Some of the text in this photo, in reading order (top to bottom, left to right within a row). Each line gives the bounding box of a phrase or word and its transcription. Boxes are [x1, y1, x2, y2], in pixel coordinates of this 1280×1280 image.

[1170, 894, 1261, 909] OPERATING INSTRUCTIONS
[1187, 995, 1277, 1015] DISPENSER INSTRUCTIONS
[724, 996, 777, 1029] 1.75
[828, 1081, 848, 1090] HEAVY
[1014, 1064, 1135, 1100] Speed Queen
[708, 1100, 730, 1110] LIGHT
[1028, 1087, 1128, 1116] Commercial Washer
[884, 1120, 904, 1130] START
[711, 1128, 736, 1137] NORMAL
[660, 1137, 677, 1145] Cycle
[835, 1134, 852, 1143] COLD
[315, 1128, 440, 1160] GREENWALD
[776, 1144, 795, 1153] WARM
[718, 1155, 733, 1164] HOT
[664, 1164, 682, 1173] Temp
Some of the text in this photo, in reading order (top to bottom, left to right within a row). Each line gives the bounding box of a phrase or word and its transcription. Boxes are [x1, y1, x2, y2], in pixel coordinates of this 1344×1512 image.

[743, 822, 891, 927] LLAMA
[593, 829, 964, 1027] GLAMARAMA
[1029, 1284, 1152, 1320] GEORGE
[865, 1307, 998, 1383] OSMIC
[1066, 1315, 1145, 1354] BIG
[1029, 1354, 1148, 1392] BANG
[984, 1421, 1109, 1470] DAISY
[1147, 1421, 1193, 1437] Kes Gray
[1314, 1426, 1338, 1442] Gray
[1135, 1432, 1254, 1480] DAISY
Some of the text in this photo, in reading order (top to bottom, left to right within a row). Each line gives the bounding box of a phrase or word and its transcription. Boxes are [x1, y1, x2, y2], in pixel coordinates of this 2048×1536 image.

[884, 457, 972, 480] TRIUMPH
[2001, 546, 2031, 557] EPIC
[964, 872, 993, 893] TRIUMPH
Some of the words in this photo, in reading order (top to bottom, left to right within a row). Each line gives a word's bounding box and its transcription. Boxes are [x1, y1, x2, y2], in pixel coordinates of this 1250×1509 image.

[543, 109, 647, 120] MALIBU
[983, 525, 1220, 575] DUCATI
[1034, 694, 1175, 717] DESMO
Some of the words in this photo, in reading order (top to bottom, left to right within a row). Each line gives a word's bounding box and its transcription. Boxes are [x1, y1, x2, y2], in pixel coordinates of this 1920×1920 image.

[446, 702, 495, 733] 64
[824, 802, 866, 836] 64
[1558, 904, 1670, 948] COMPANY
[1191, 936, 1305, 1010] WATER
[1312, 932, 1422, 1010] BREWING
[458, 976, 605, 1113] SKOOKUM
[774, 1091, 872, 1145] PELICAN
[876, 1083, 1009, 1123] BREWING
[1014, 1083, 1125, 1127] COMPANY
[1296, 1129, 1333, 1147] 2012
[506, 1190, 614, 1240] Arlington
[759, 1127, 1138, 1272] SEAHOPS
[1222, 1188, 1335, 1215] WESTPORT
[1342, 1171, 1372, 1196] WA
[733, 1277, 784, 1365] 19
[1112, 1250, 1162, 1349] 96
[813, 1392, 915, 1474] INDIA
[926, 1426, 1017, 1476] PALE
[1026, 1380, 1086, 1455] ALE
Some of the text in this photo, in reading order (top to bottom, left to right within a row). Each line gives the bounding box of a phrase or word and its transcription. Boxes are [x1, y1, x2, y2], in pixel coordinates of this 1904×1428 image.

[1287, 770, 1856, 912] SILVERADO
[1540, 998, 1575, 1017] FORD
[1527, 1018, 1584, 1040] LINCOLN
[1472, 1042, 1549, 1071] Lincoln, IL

# # # # # # #

* _Work order_
All of the records above are to be copied exactly.

* _Written answer_
Some of the text in this photo, in reading order (top to bottom, left to right within a row). Each line gives the bounding box of a phrase or word and its transcription. Boxes are [x1, y1, x2, y2], in pixel coordinates of this 1280×1280 image.

[1170, 894, 1261, 909] OPERATING INSTRUCTIONS
[1187, 995, 1277, 1015] DISPENSER INSTRUCTIONS
[724, 996, 777, 1029] 1.75
[828, 1081, 848, 1090] HEAVY
[1014, 1064, 1135, 1100] Speed Queen
[708, 1100, 730, 1110] LIGHT
[1028, 1087, 1128, 1116] Commercial Washer
[884, 1120, 904, 1130] START
[711, 1128, 736, 1137] NORMAL
[660, 1137, 677, 1145] Cycle
[835, 1134, 852, 1143] COLD
[315, 1128, 440, 1160] GREENWALD
[776, 1144, 795, 1153] WARM
[718, 1155, 733, 1164] HOT
[664, 1164, 682, 1173] Temp
Some of the text in this photo, in reading order (top to bottom, left to right within a row). Each line gives the bounding box of a phrase or word and its transcription. Boxes are [x1, y1, x2, y2], in pixel coordinates of this 1344×1512 image.

[743, 822, 891, 927] LLAMA
[593, 829, 964, 1027] GLAMARAMA
[1029, 1284, 1152, 1320] GEORGE
[865, 1307, 998, 1383] OSMIC
[1066, 1315, 1145, 1354] BIG
[1029, 1354, 1148, 1392] BANG
[984, 1421, 1109, 1470] DAISY
[1147, 1421, 1193, 1437] Kes Gray
[1314, 1426, 1338, 1442] Gray
[1135, 1432, 1254, 1480] DAISY
Some of the text in this photo, in reading order (top to bottom, left to right within a row). Each line gives the bounding box of a phrase or word and its transcription. Boxes are [x1, y1, x2, y2], in pixel coordinates of this 2048×1536 image.

[884, 457, 972, 480] TRIUMPH
[2001, 546, 2031, 557] EPIC
[964, 872, 993, 893] TRIUMPH
Some of the words in this photo, in reading order (top to bottom, left to right within a row). Each line gives a word's bounding box and its transcription. Boxes are [x1, y1, x2, y2], in pixel coordinates of this 1250×1509 image.

[543, 109, 647, 120] MALIBU
[983, 525, 1220, 575] DUCATI
[1034, 694, 1175, 717] DESMO
Some of the words in this photo, in reading order (top to bottom, left to right within a row). Each line gives a word's bounding box and its transcription. Boxes are [x1, y1, x2, y2], in pixel coordinates of this 1920×1920 image.

[446, 702, 495, 733] 64
[824, 802, 866, 836] 64
[1558, 904, 1670, 948] COMPANY
[1191, 936, 1305, 1010] WATER
[1312, 932, 1422, 1010] BREWING
[458, 976, 605, 1113] SKOOKUM
[774, 1091, 872, 1145] PELICAN
[876, 1083, 1009, 1123] BREWING
[1014, 1083, 1125, 1127] COMPANY
[1296, 1129, 1333, 1147] 2012
[506, 1190, 614, 1240] Arlington
[759, 1127, 1138, 1272] SEAHOPS
[1222, 1188, 1335, 1215] WESTPORT
[1342, 1171, 1372, 1196] WA
[733, 1277, 784, 1365] 19
[1112, 1250, 1162, 1349] 96
[813, 1392, 915, 1474] INDIA
[926, 1426, 1017, 1476] PALE
[1026, 1380, 1086, 1455] ALE
Some of the text in this photo, in reading order (top to bottom, left to right within a row). Each line gives the bounding box of a phrase or word and its transcription. Boxes are [x1, y1, x2, y2], in pixel coordinates of this 1904×1428 image.

[1287, 770, 1856, 912] SILVERADO
[1540, 998, 1575, 1017] FORD
[1527, 1018, 1584, 1040] LINCOLN
[1472, 1042, 1549, 1071] Lincoln, IL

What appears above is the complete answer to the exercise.